= Task details =
The listing that follows should be copied in full, exactly as written.

= Material provided =
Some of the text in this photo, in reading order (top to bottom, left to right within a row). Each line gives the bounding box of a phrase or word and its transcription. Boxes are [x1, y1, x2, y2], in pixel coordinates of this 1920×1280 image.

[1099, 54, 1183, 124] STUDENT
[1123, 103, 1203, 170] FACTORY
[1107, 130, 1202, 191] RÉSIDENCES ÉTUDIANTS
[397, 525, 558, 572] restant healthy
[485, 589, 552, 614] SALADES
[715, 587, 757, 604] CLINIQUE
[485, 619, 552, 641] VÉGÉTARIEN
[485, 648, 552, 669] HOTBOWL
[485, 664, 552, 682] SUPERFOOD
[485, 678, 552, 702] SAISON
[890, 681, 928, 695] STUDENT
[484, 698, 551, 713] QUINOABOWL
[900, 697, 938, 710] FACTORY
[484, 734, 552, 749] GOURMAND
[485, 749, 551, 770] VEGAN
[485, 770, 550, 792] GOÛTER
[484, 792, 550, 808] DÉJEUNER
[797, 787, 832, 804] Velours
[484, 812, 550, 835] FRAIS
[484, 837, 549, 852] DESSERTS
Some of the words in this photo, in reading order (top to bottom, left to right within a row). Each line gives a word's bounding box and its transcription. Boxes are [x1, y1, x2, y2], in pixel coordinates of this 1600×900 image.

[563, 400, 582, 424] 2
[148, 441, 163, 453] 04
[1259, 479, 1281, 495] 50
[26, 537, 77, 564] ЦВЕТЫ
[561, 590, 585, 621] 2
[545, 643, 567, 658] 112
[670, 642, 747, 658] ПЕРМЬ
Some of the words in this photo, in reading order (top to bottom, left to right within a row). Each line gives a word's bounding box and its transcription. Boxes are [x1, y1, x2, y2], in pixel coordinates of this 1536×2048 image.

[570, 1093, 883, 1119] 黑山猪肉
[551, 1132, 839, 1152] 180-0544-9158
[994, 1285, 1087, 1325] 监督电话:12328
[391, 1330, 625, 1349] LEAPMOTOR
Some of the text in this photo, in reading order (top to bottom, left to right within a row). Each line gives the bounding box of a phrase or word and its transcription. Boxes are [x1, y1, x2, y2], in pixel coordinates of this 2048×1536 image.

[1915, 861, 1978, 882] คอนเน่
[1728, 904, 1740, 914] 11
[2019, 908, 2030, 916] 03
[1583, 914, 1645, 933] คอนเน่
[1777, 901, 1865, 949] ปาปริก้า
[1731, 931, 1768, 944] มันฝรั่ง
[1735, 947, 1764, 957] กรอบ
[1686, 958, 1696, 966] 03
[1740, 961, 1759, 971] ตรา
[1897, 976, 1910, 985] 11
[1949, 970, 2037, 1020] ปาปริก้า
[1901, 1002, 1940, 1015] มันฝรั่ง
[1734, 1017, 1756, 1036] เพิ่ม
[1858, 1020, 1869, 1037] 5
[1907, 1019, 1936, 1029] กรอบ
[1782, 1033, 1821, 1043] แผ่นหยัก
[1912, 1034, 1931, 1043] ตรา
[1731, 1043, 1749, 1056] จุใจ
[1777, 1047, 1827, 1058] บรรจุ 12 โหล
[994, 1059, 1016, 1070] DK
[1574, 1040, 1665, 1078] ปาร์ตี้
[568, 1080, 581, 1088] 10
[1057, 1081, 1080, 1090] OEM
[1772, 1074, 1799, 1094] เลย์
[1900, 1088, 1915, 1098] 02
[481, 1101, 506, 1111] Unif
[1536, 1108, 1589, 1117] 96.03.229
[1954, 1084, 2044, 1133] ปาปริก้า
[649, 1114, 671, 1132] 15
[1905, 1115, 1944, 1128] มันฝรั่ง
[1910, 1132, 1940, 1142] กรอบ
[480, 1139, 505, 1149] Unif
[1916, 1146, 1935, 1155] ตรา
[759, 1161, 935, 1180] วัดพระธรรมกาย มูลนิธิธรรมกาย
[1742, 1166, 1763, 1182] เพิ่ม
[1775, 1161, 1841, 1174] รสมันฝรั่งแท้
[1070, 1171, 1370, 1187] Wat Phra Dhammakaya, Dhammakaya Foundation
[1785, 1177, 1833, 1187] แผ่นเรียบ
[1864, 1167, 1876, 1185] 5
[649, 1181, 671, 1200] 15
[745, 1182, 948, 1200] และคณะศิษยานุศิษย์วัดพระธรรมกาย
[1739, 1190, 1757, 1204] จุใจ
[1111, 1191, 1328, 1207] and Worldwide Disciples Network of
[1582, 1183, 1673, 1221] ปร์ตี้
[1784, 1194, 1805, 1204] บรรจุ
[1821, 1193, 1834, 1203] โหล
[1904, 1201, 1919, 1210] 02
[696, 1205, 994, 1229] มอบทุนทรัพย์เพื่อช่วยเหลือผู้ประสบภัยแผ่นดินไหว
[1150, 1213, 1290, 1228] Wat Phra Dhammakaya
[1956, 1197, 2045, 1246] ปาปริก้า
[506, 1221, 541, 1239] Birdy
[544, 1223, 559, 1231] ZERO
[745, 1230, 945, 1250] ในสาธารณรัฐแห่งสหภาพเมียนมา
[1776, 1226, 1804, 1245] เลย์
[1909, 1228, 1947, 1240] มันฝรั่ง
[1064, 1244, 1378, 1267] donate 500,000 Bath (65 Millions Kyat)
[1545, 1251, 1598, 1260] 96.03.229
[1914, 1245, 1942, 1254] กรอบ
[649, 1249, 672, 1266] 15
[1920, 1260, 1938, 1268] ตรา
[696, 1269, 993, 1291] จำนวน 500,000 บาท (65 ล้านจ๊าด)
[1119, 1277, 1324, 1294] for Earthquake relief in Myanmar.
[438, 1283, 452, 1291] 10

= Task solution =
Some of the text in this photo, in reading order (top to bottom, left to right within a row). Each line gives the bounding box of a phrase or word and its transcription. Boxes are [x1, y1, x2, y2], in pixel coordinates of this 1920×1280 image.

[1099, 54, 1183, 124] STUDENT
[1123, 103, 1203, 170] FACTORY
[1107, 130, 1202, 191] RÉSIDENCES ÉTUDIANTS
[397, 525, 558, 572] restant healthy
[485, 589, 552, 614] SALADES
[715, 587, 757, 604] CLINIQUE
[485, 619, 552, 641] VÉGÉTARIEN
[485, 648, 552, 669] HOTBOWL
[485, 664, 552, 682] SUPERFOOD
[485, 678, 552, 702] SAISON
[890, 681, 928, 695] STUDENT
[484, 698, 551, 713] QUINOABOWL
[900, 697, 938, 710] FACTORY
[484, 734, 552, 749] GOURMAND
[485, 749, 551, 770] VEGAN
[485, 770, 550, 792] GOÛTER
[484, 792, 550, 808] DÉJEUNER
[797, 787, 832, 804] Velours
[484, 812, 550, 835] FRAIS
[484, 837, 549, 852] DESSERTS
Some of the words in this photo, in reading order (top to bottom, left to right within a row). Each line gives a word's bounding box and its transcription. Boxes are [x1, y1, x2, y2], in pixel coordinates of this 1600×900 image.

[563, 400, 582, 424] 2
[148, 441, 163, 453] 04
[1259, 479, 1281, 495] 50
[26, 537, 77, 564] ЦВЕТЫ
[561, 590, 585, 621] 2
[545, 643, 567, 658] 112
[670, 642, 747, 658] ПЕРМЬ
Some of the words in this photo, in reading order (top to bottom, left to right within a row). Each line gives a word's bounding box and its transcription. Boxes are [x1, y1, x2, y2], in pixel coordinates of this 1536×2048 image.

[570, 1093, 883, 1119] 黑山猪肉
[551, 1132, 839, 1152] 180-0544-9158
[994, 1285, 1087, 1325] 监督电话:12328
[391, 1330, 625, 1349] LEAPMOTOR
Some of the text in this photo, in reading order (top to bottom, left to right within a row). Each line gives the bounding box of a phrase or word and its transcription. Boxes are [x1, y1, x2, y2], in pixel coordinates of this 2048×1536 image.

[1915, 861, 1978, 882] คอนเน่
[1728, 904, 1740, 914] 11
[2019, 908, 2030, 916] 03
[1583, 914, 1645, 933] คอนเน่
[1777, 901, 1865, 949] ปาปริก้า
[1731, 931, 1768, 944] มันฝรั่ง
[1735, 947, 1764, 957] กรอบ
[1686, 958, 1696, 966] 03
[1740, 961, 1759, 971] ตรา
[1897, 976, 1910, 985] 11
[1949, 970, 2037, 1020] ปาปริก้า
[1901, 1002, 1940, 1015] มันฝรั่ง
[1734, 1017, 1756, 1036] เพิ่ม
[1858, 1020, 1869, 1037] 5
[1907, 1019, 1936, 1029] กรอบ
[1782, 1033, 1821, 1043] แผ่นหยัก
[1912, 1034, 1931, 1043] ตรา
[1731, 1043, 1749, 1056] จุใจ
[1777, 1047, 1827, 1058] บรรจุ 12 โหล
[994, 1059, 1016, 1070] DK
[1574, 1040, 1665, 1078] ปาร์ตี้
[568, 1080, 581, 1088] 10
[1057, 1081, 1080, 1090] OEM
[1772, 1074, 1799, 1094] เลย์
[1900, 1088, 1915, 1098] 02
[481, 1101, 506, 1111] Unif
[1536, 1108, 1589, 1117] 96.03.229
[1954, 1084, 2044, 1133] ปาปริก้า
[649, 1114, 671, 1132] 15
[1905, 1115, 1944, 1128] มันฝรั่ง
[1910, 1132, 1940, 1142] กรอบ
[480, 1139, 505, 1149] Unif
[1916, 1146, 1935, 1155] ตรา
[759, 1161, 935, 1180] วัดพระธรรมกาย มูลนิธิธรรมกาย
[1742, 1166, 1763, 1182] เพิ่ม
[1775, 1161, 1841, 1174] รสมันฝรั่งแท้
[1070, 1171, 1370, 1187] Wat Phra Dhammakaya, Dhammakaya Foundation
[1785, 1177, 1833, 1187] แผ่นเรียบ
[1864, 1167, 1876, 1185] 5
[649, 1181, 671, 1200] 15
[745, 1182, 948, 1200] และคณะศิษยานุศิษย์วัดพระธรรมกาย
[1739, 1190, 1757, 1204] จุใจ
[1111, 1191, 1328, 1207] and Worldwide Disciples Network of
[1582, 1183, 1673, 1221] ปร์ตี้
[1784, 1194, 1805, 1204] บรรจุ
[1821, 1193, 1834, 1203] โหล
[1904, 1201, 1919, 1210] 02
[696, 1205, 994, 1229] มอบทุนทรัพย์เพื่อช่วยเหลือผู้ประสบภัยแผ่นดินไหว
[1150, 1213, 1290, 1228] Wat Phra Dhammakaya
[1956, 1197, 2045, 1246] ปาปริก้า
[506, 1221, 541, 1239] Birdy
[544, 1223, 559, 1231] ZERO
[745, 1230, 945, 1250] ในสาธารณรัฐแห่งสหภาพเมียนมา
[1776, 1226, 1804, 1245] เลย์
[1909, 1228, 1947, 1240] มันฝรั่ง
[1064, 1244, 1378, 1267] donate 500,000 Bath (65 Millions Kyat)
[1545, 1251, 1598, 1260] 96.03.229
[1914, 1245, 1942, 1254] กรอบ
[649, 1249, 672, 1266] 15
[1920, 1260, 1938, 1268] ตรา
[696, 1269, 993, 1291] จำนวน 500,000 บาท (65 ล้านจ๊าด)
[1119, 1277, 1324, 1294] for Earthquake relief in Myanmar.
[438, 1283, 452, 1291] 10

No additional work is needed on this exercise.